Semester Project and Workshop Paper
There are three differences for graduate students, compared to requirements for undergraduate students. First, each student should arrange for meeting with the instructor and their academic adviser to discuss the half-semester project. Second, in most cases the project will be individual (compared to undergraduate projects done typically in pairs). Third, the graduate student's project should have sufficient depth and novelty so that it can be submitted as a workshop paper to FCCM conference; due date is typically in January after course completion.
The Verilog Hardware Description Language, Fifth Edition, by Thomas & Moorby. (approx. 90$) (free PDF access for Yale students when on Yale's computer network via https://link.springer.com/book/10.1007%2F978-0-387-85344-4)
- Textbook and coding exercises: 40% of total grade
- Tutorial and coding work: 18% of total grade
- Half-semester project: 42% of total grade
- Project proposal write-up: 10% of half-semester project grade
- Project code and working demo: 70% of half-semester project grade
- Project presentation: 10% of half-semester project grade
- Project report write-up: 10% of half-semester project grade
It is expected that there will be a distribution of the grades and the goal is to have mean for the course that will be at or below the FAS (Faculty of Arts and Sciences) mean.
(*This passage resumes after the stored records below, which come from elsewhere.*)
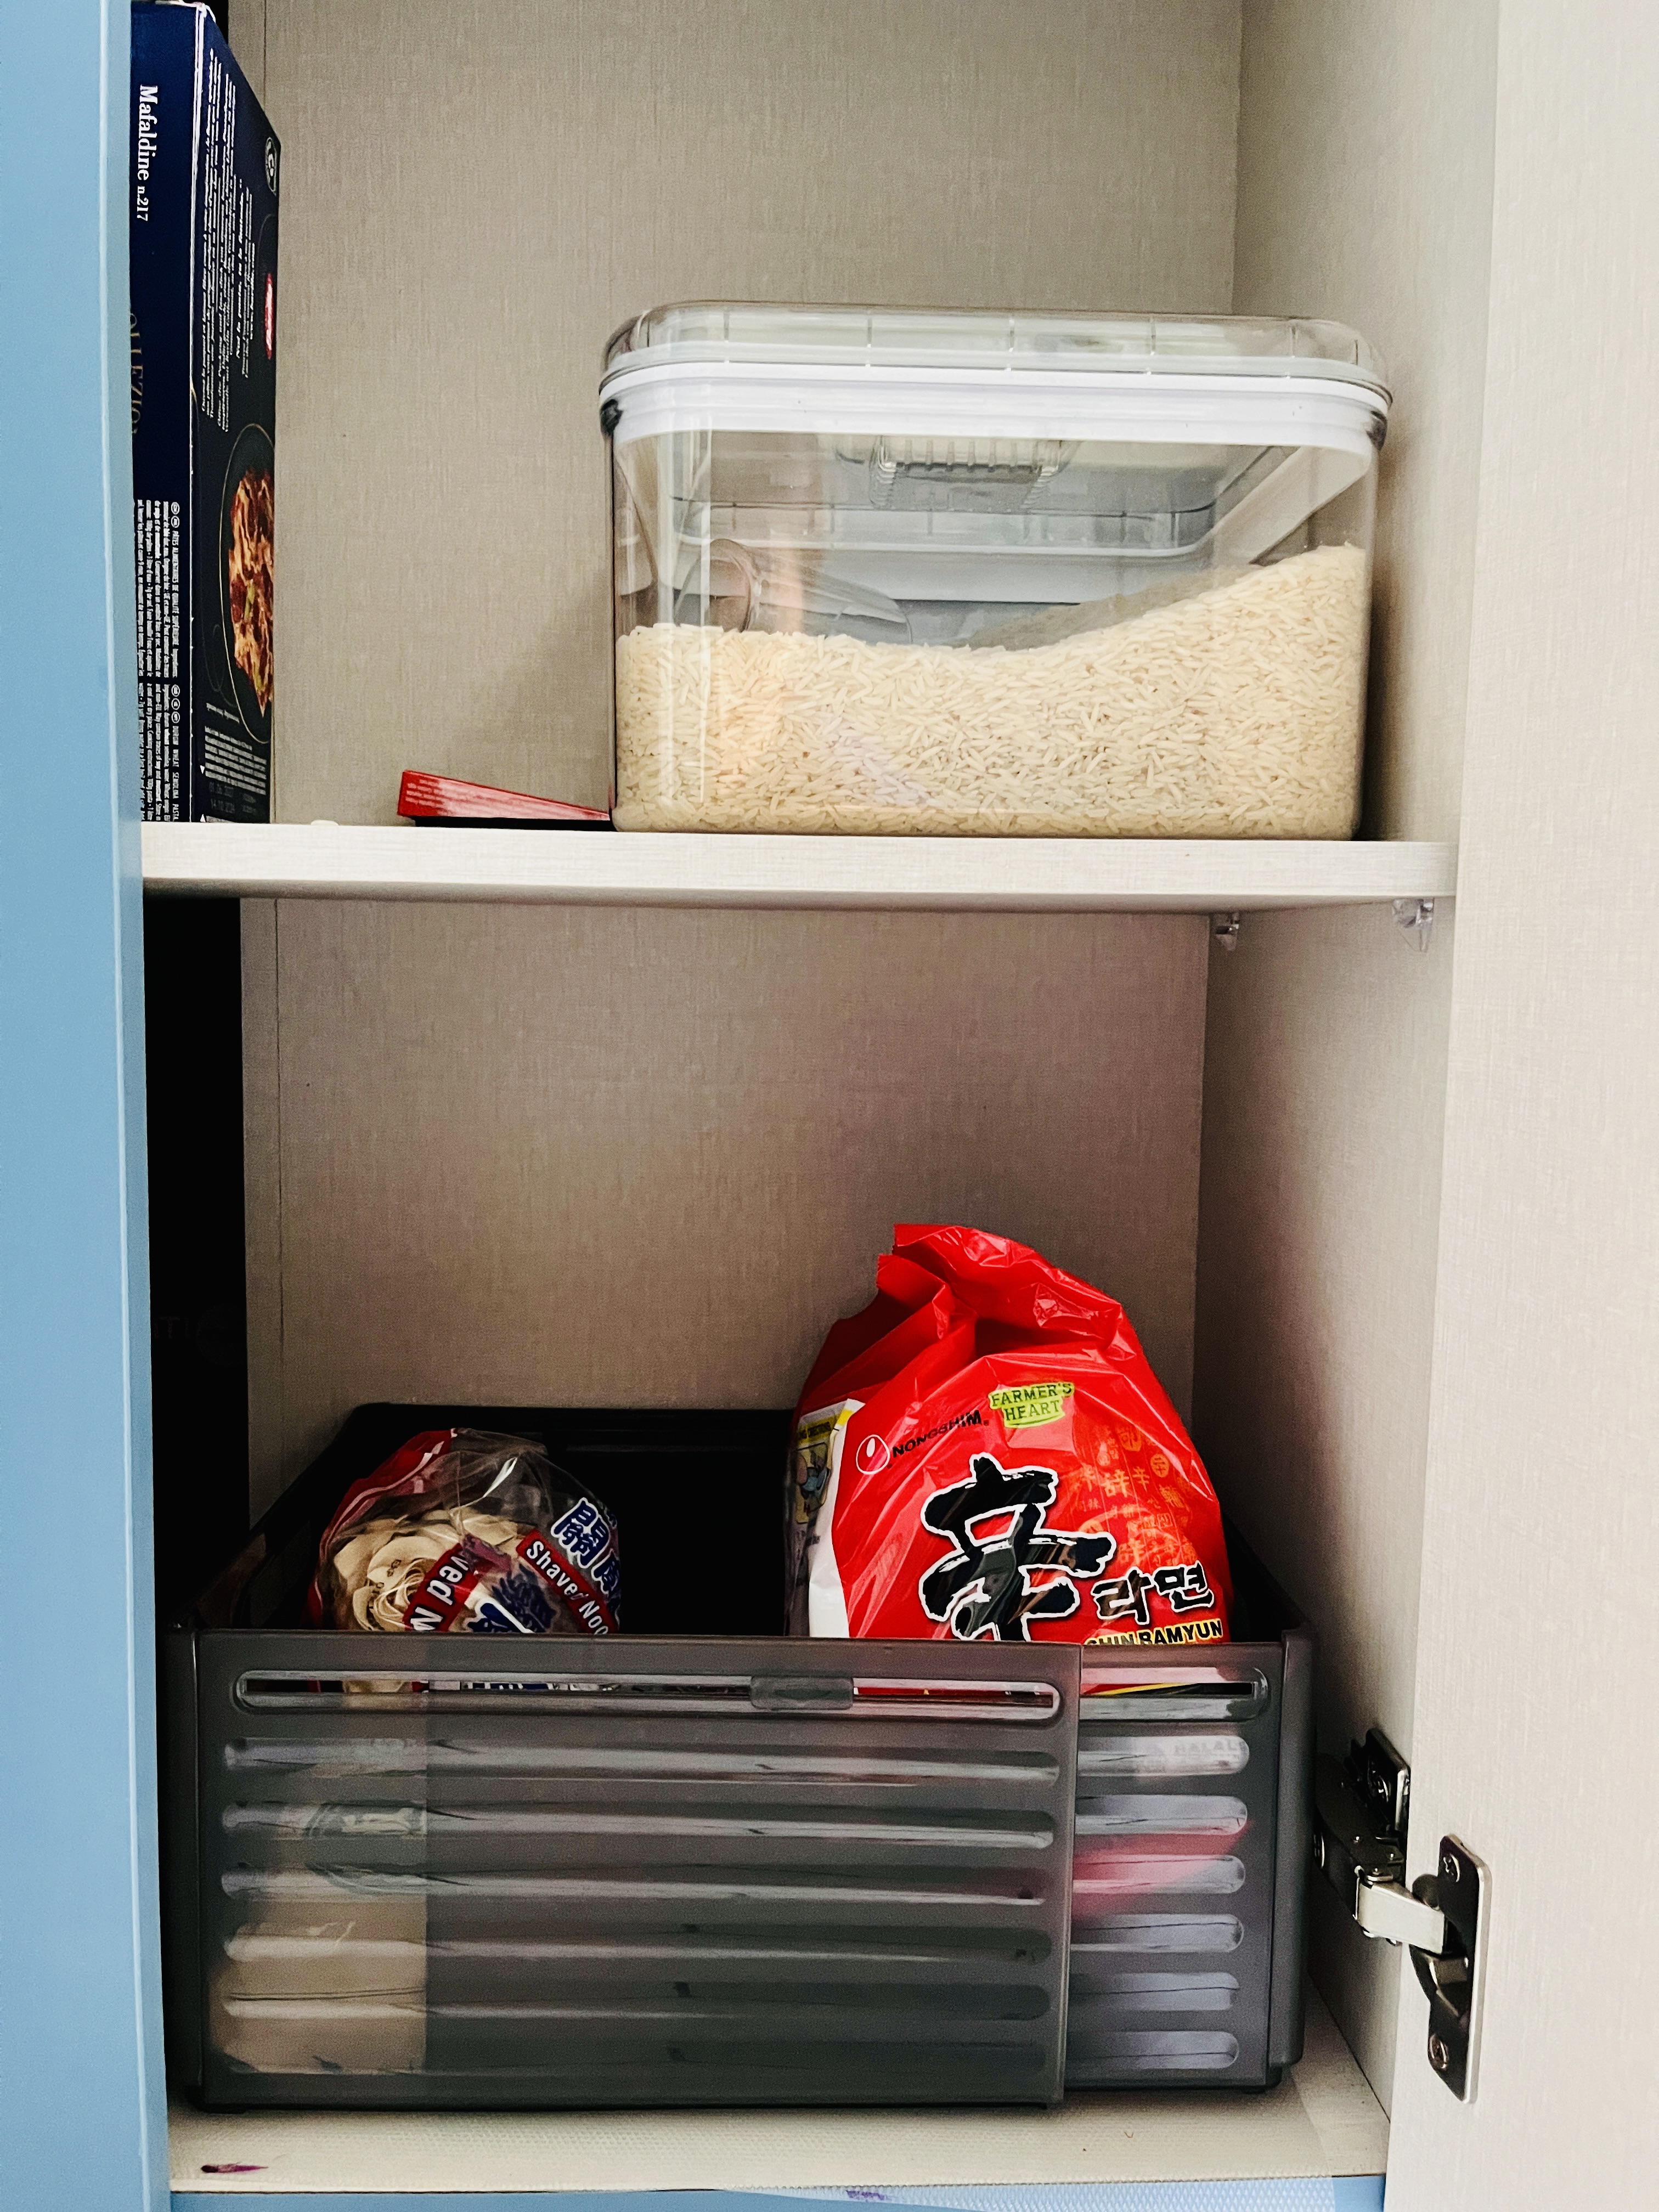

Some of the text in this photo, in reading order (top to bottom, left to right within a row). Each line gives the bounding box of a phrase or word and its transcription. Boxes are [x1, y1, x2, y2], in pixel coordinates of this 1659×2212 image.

[137, 85, 158, 221] Mafaldine n.217
[991, 1382, 1073, 1407] FARMER'S
[1004, 1400, 1060, 1421] HEART
[892, 1409, 982, 1458] NONGSHIM
[1090, 1561, 1216, 1626] 라면
[578, 1600, 610, 1634] Noo
[1138, 1619, 1223, 1645] RAMYUN
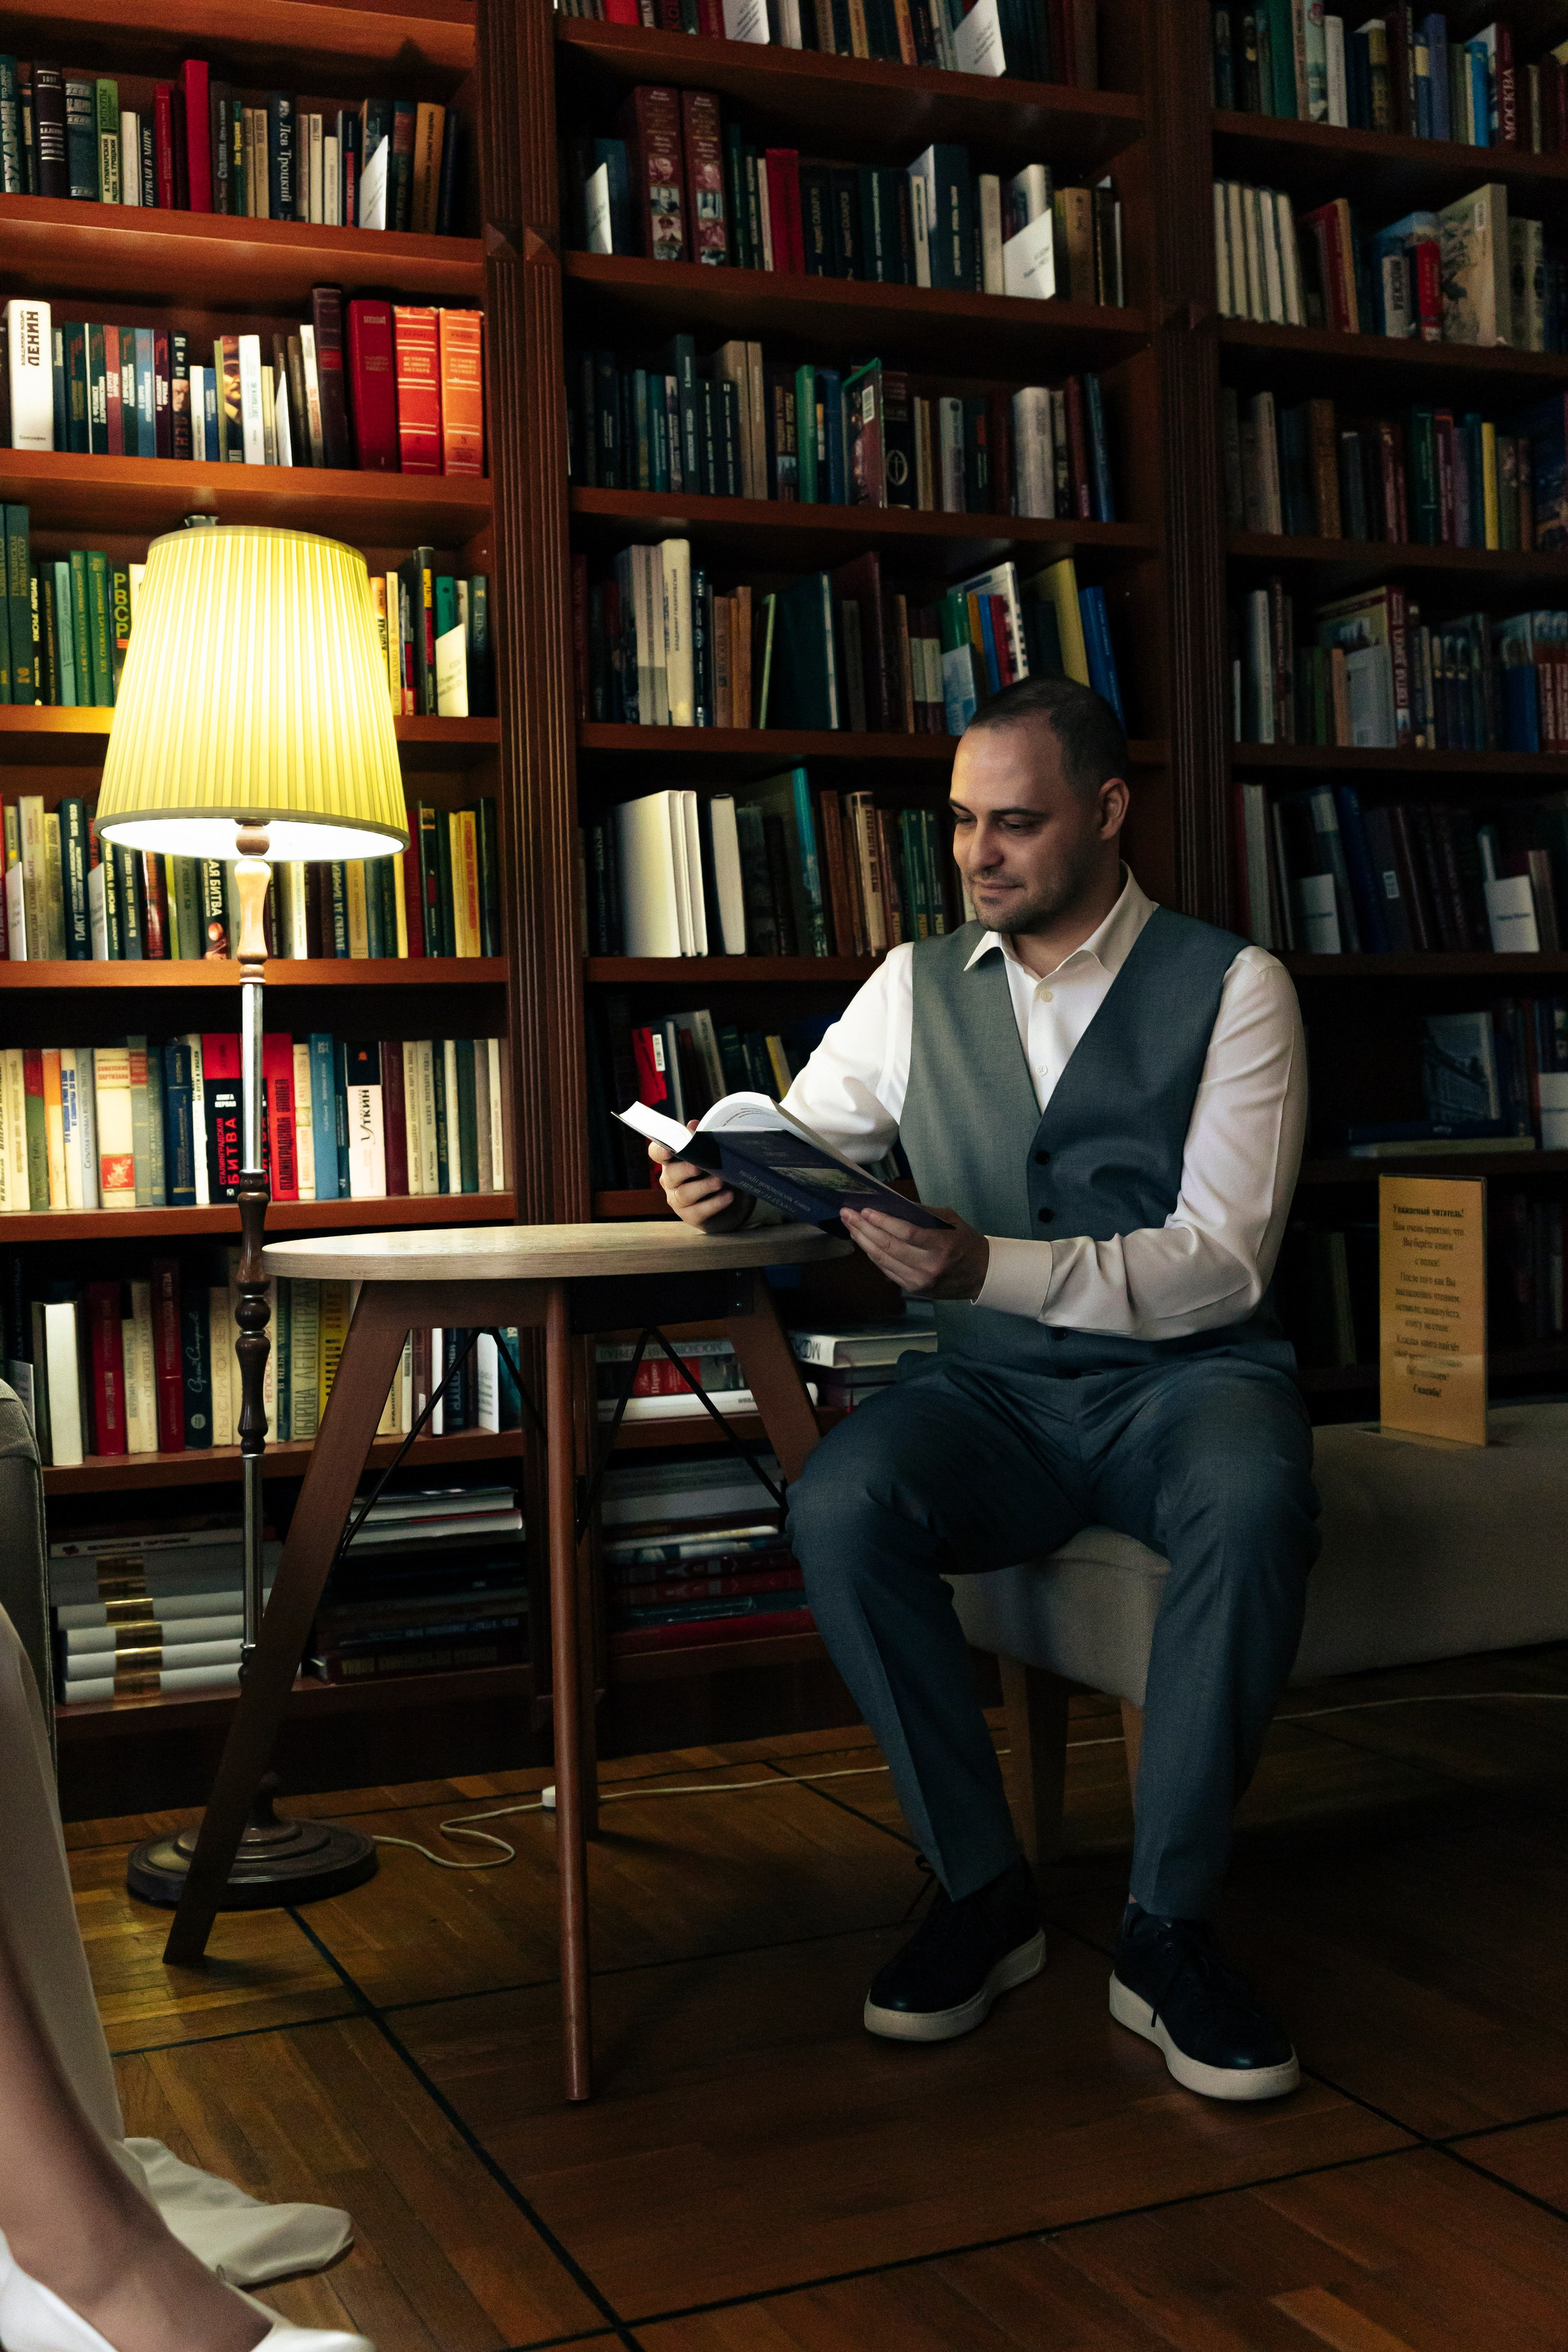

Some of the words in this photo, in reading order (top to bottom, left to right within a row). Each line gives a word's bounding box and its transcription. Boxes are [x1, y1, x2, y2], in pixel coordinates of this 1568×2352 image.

[1502, 67, 1517, 141] МОСКВА
[1, 100, 20, 193] БУХАРИН
[279, 121, 292, 146] Лев
[277, 149, 292, 203] Троцкий
[26, 311, 40, 366] ЛЕНИН
[10, 536, 20, 596] ГРАЖДАНСКАЯ
[18, 536, 26, 562] СССР
[19, 568, 28, 596] ВОЙНА
[106, 862, 115, 881] ТЫЛУ
[107, 889, 116, 915] ФРОНТ
[209, 879, 222, 917] БИТВА
[74, 913, 86, 941] ПАКТ
[275, 1079, 290, 1113] ЭПОПЕЯ
[216, 1117, 227, 1186] СТАЛИНГРАДСКАЯ
[225, 1117, 241, 1186] БИТВА
[276, 1117, 294, 1191] СТАЛИНГРАДСКАЯ
[1392, 1204, 1430, 1216] Уважаемый
[1431, 1207, 1464, 1218] читатель!
[142, 1385, 152, 1398] ОТ
[1412, 1384, 1442, 1398] Спасибо!
[293, 1388, 317, 1436] ОБОРОНА
However, in case the entire class is exceptional, students can expect better grades and a higher mean. In general, student outcomes will be represented by the letter grades: exemplary (A), very good (A- and B+), adequate (B and B-), and unsatisfactory (C, or lower).
Deadlines and Work Submission:
All deadlines are posted in the schedule. All work is due by 5pm Eastern Time on the given day, unless otherwise stated.
Common Points Deductions for Submitted Work:
- Late work -- for all work except the half-semester project, there is 10% penalty for each day late, penalty will not be prorated, e.g. 1 hour late is still 10% penalty, all work is to be submitted electroncially.
- Wrong format -- there is 10% penalty for submitting work in wrong format (not meeting length, font or other requirements if specified).
- Missing name -- there is 10% penalty for any work or files that are submitted without student's name clearly identified.
- Messy code -- points may be deducted for messy or unclear code.
Excuses and Extensions:
For any excuses for late work or extensions, please get a Dean's excuse and make an appointment with the instructor.
Collaboration can be a great learning tool, so students are encouraged to study together and help each other out. However, unless otherwise stated, all work is individual. Do not copy other's code or answers. Violations of this policy will not be tolerated and referred to the Dean.
You are responsible for all the material covered in class. The course covers materials that may not all be in the textbook or printed handouts, so attendance is crucial for good performance in the course.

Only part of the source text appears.